- Assignment
Print, word for word, the line containing "this 1280×1707 image." and all lines beneath it to the end of the entries below. Pictures do not belong in the copy.

- Supplied material
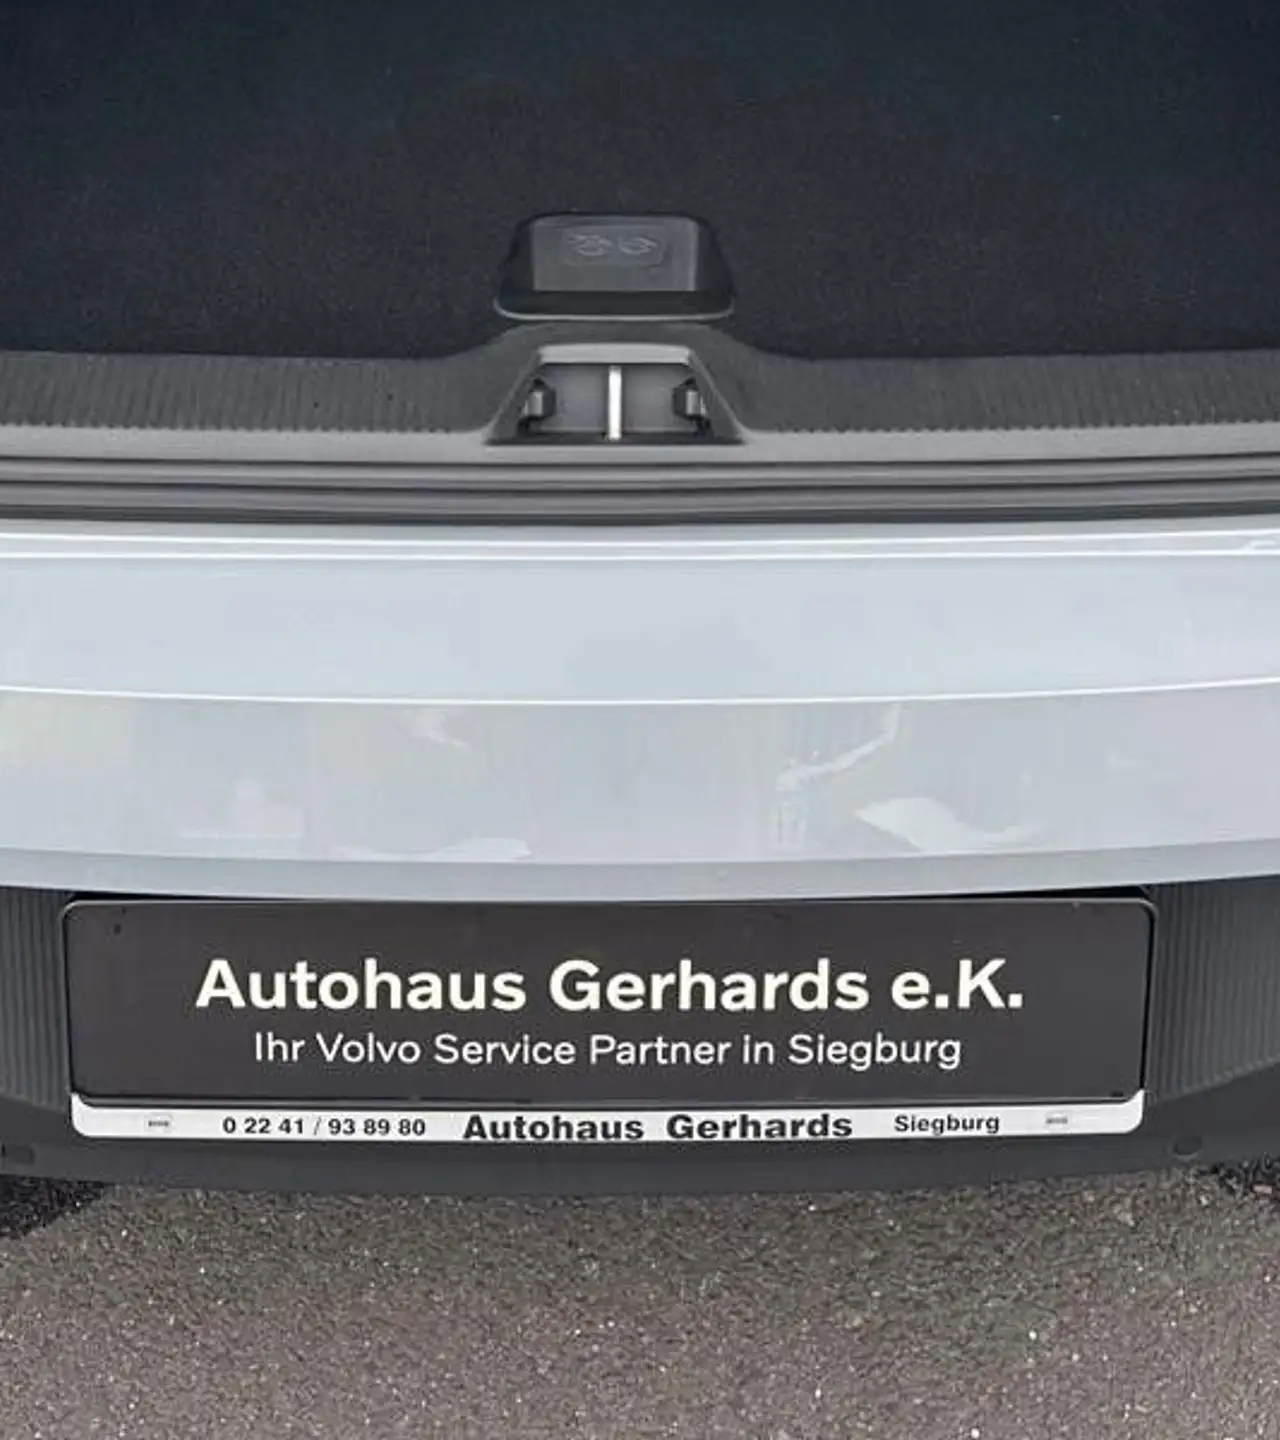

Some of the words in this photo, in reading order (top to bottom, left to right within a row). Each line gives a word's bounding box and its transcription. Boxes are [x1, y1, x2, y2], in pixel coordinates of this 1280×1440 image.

[196, 957, 526, 1012] Autohaus
[550, 957, 869, 1012] Gerhards
[892, 958, 1024, 1010] e.K.
[256, 1031, 305, 1063] Ihr
[316, 1031, 422, 1064] Volvo
[434, 1032, 576, 1065] Service
[590, 1034, 733, 1065] Partner
[743, 1033, 774, 1065] in
[788, 1031, 962, 1072] Siegburg
[223, 1117, 236, 1134] 0
[244, 1117, 271, 1135] 22
[278, 1118, 304, 1135] 41
[328, 1118, 356, 1136] 93
[363, 1118, 391, 1136] 89
[398, 1118, 426, 1136] 80
[462, 1113, 645, 1140] Autohaus
[666, 1112, 853, 1139] Gerhards
[893, 1113, 1001, 1135] Siegburg
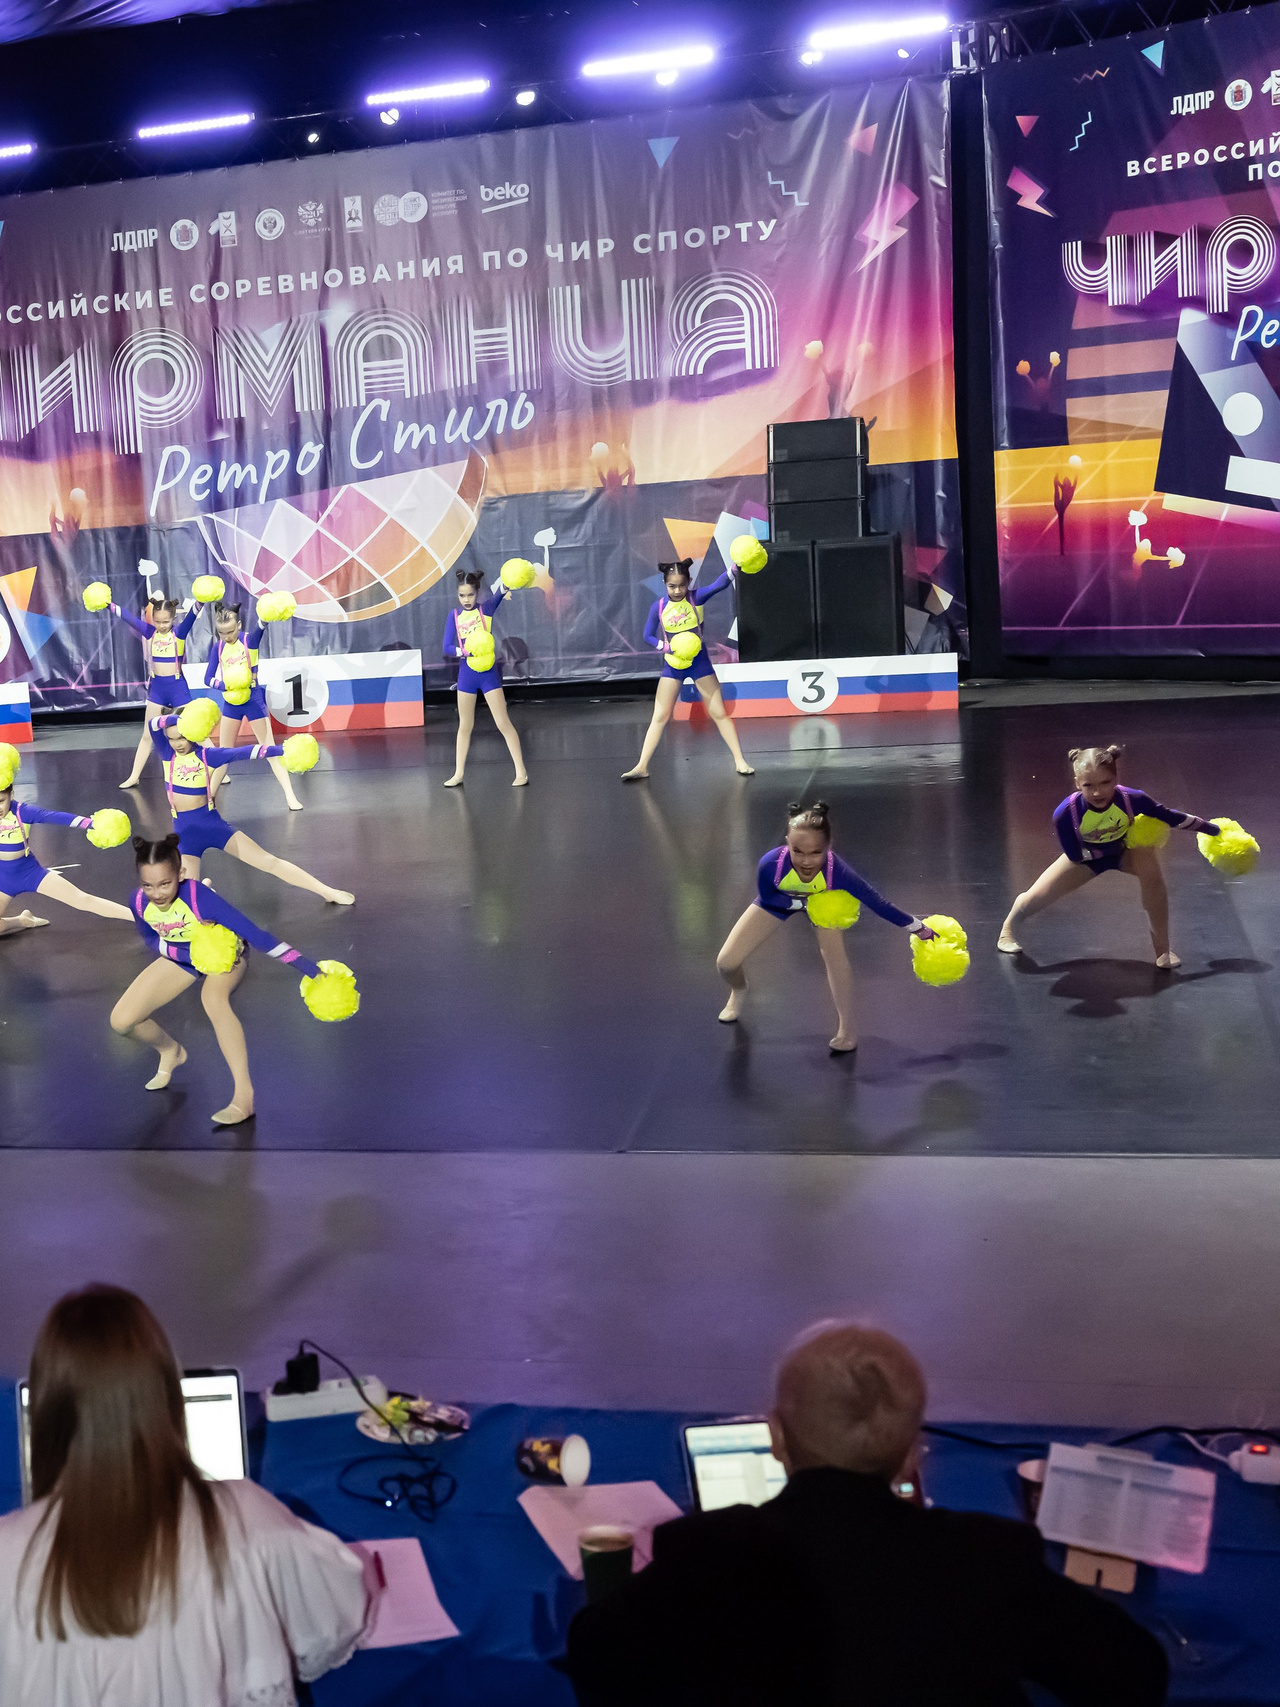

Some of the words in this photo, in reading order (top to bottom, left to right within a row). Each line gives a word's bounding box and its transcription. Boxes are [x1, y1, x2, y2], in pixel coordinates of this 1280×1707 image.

[1170, 90, 1214, 116] ЛДПР
[1127, 132, 1280, 177] ВСЕРОССИЙ
[480, 182, 530, 202] beko
[111, 229, 158, 253] ЛДПР
[190, 254, 464, 303] СОРЕВНОВАНИЯ
[482, 247, 528, 270] ПО
[546, 238, 616, 263] ЧИР
[634, 218, 778, 254] СПОРТУ
[150, 441, 325, 517] Ретро
[350, 393, 535, 470] Стиль
[285, 674, 309, 715] 1
[801, 672, 825, 703] 3
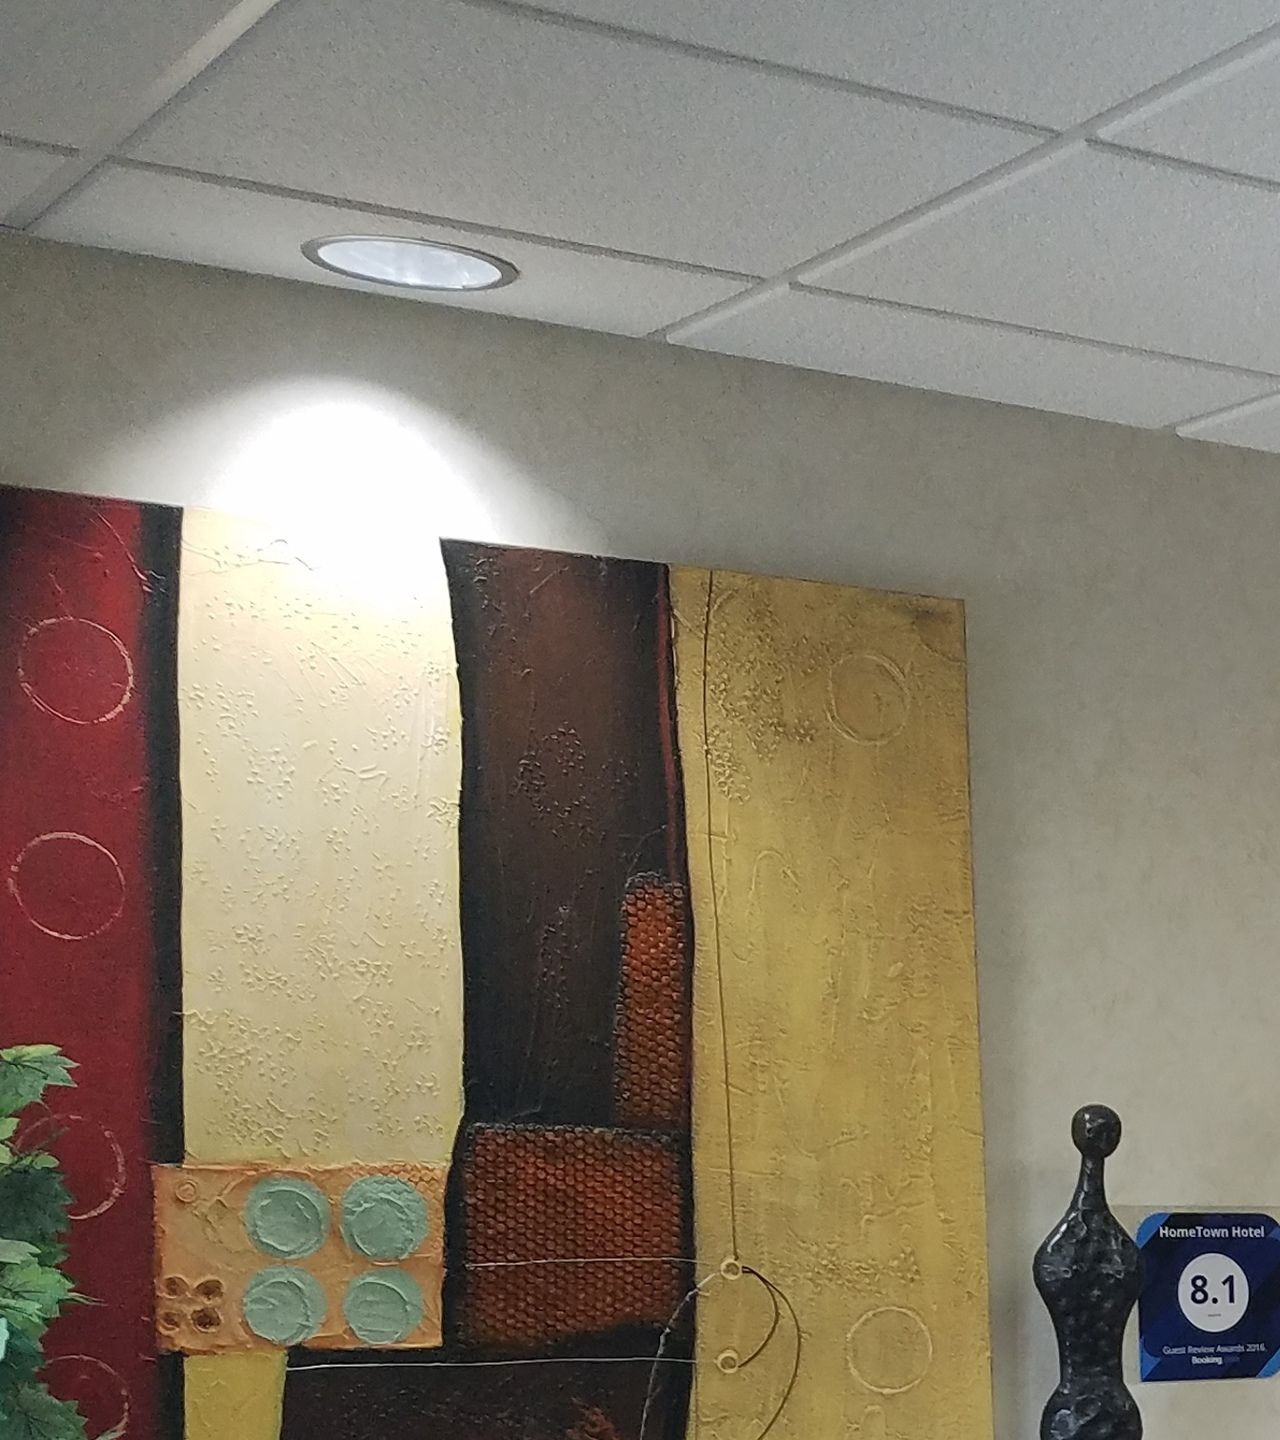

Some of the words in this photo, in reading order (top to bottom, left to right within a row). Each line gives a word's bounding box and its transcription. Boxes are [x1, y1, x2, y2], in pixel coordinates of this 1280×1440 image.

[1159, 1226, 1229, 1238] HomeTown
[1231, 1225, 1265, 1238] Hotel
[1190, 1274, 1235, 1305] 8.1
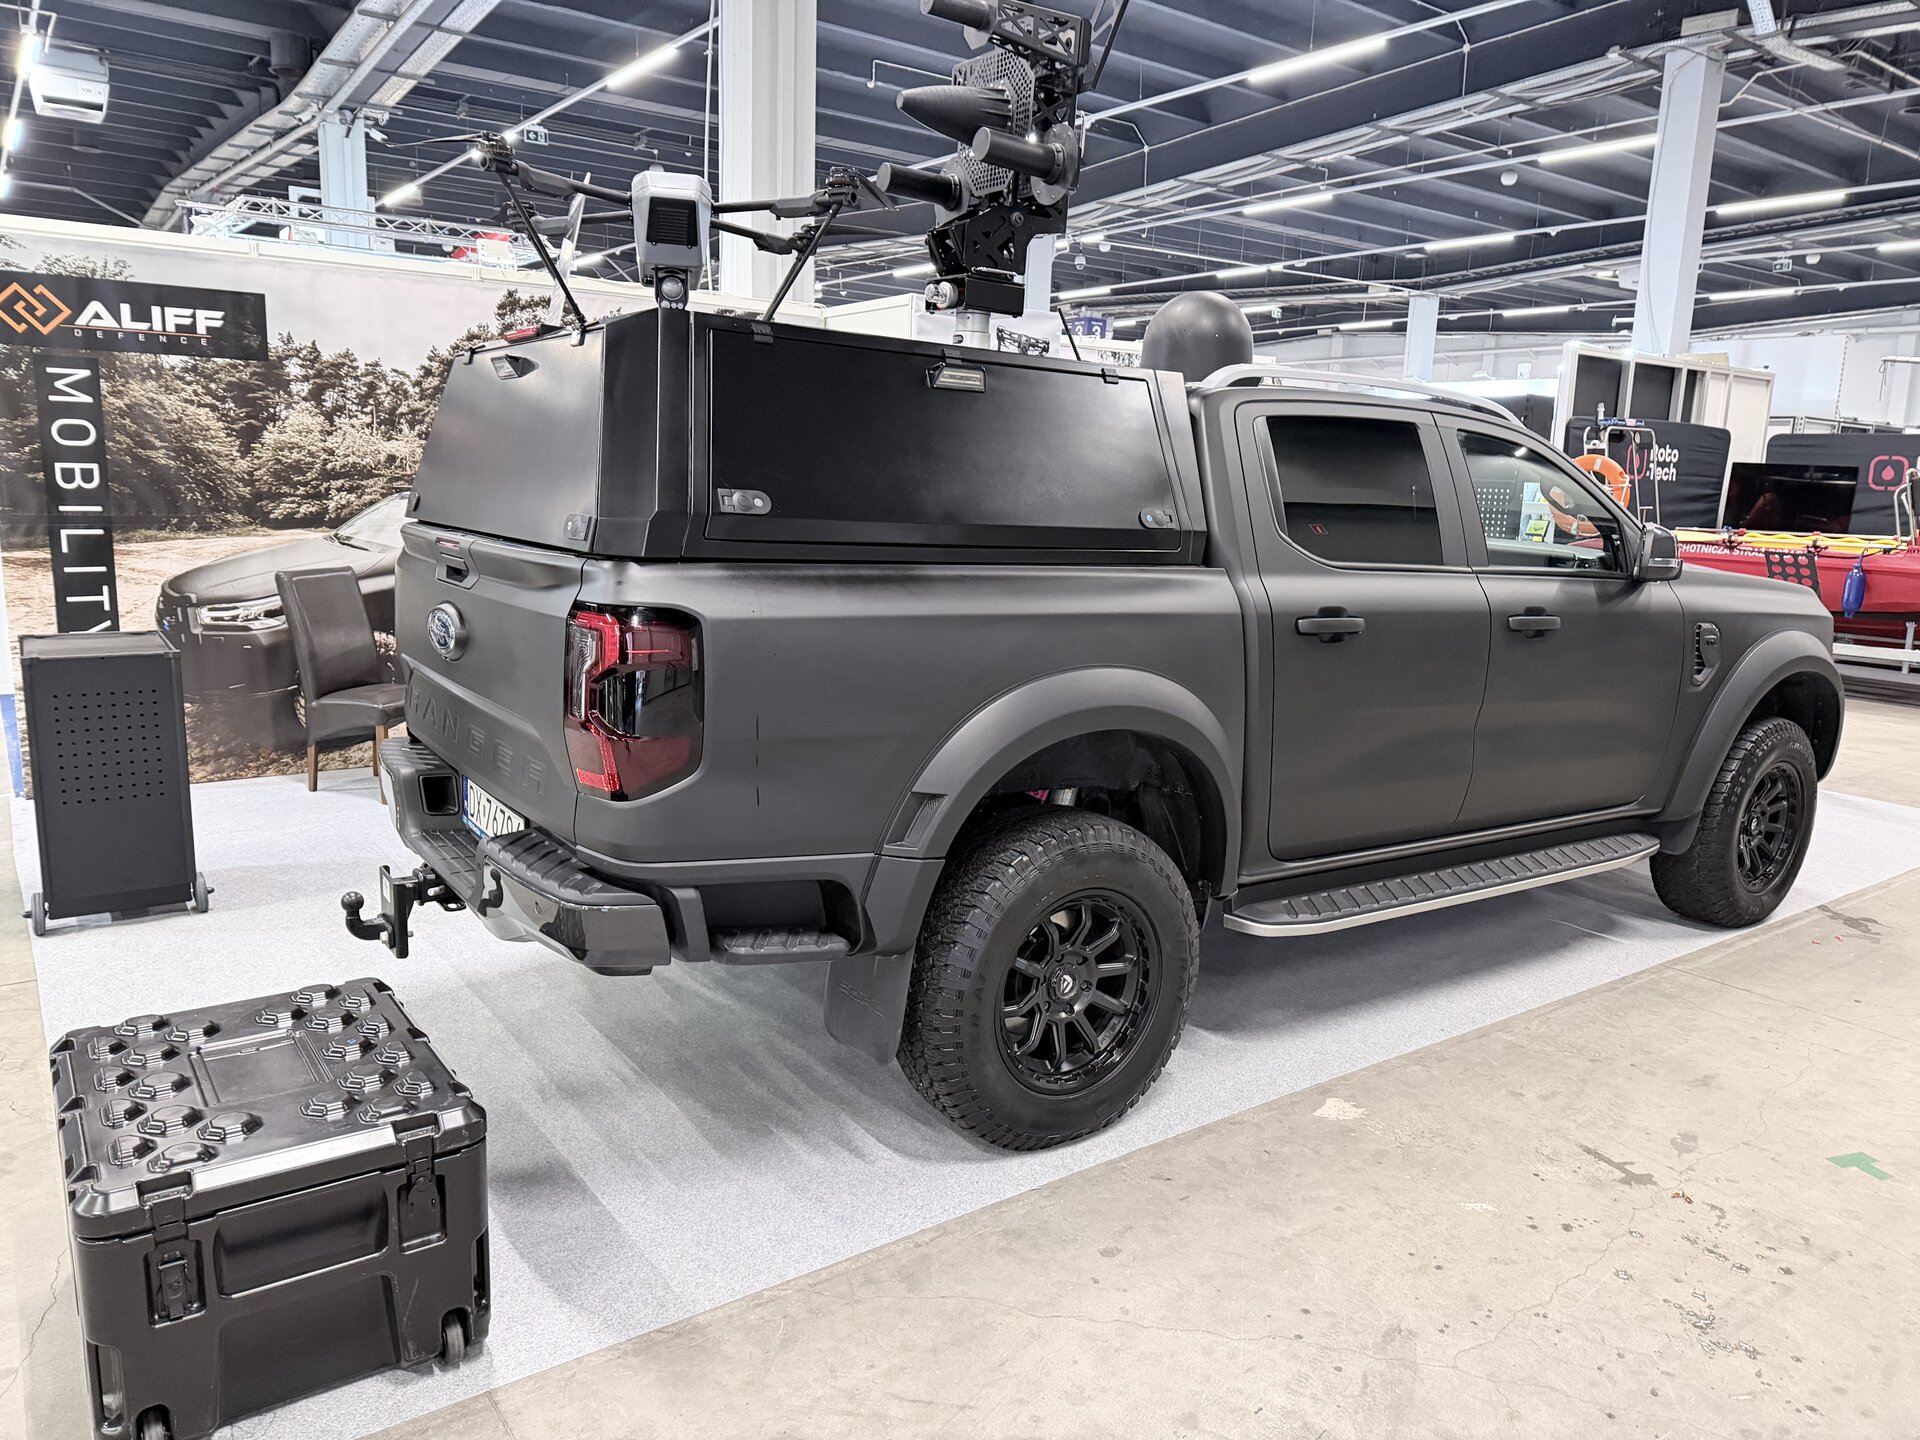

- Exercise response
Some of the words in this photo, in reading order (top to bottom, left to right within a row). Each line gives a word's bounding box and its transcription. Boxes are [x1, y1, x2, y2], in pixel coordinates of this 1280×1707 image.

[1170, 90, 1214, 116] ЛДПР
[1127, 132, 1280, 177] ВСЕРОССИЙ
[480, 182, 530, 202] beko
[111, 229, 158, 253] ЛДПР
[190, 254, 464, 303] СОРЕВНОВАНИЯ
[482, 247, 528, 270] ПО
[546, 238, 616, 263] ЧИР
[634, 218, 778, 254] СПОРТУ
[150, 441, 325, 517] Ретро
[350, 393, 535, 470] Стиль
[285, 674, 309, 715] 1
[801, 672, 825, 703] 3

Some of the words in this photo, in reading order (top to bottom, left to right within a row). Each line gives a word's bounding box and its transcription. Boxes are [x1, y1, x2, y2], in pixel coordinates of this 1280×1440 image.

[1159, 1226, 1229, 1238] HomeTown
[1231, 1225, 1265, 1238] Hotel
[1190, 1274, 1235, 1305] 8.1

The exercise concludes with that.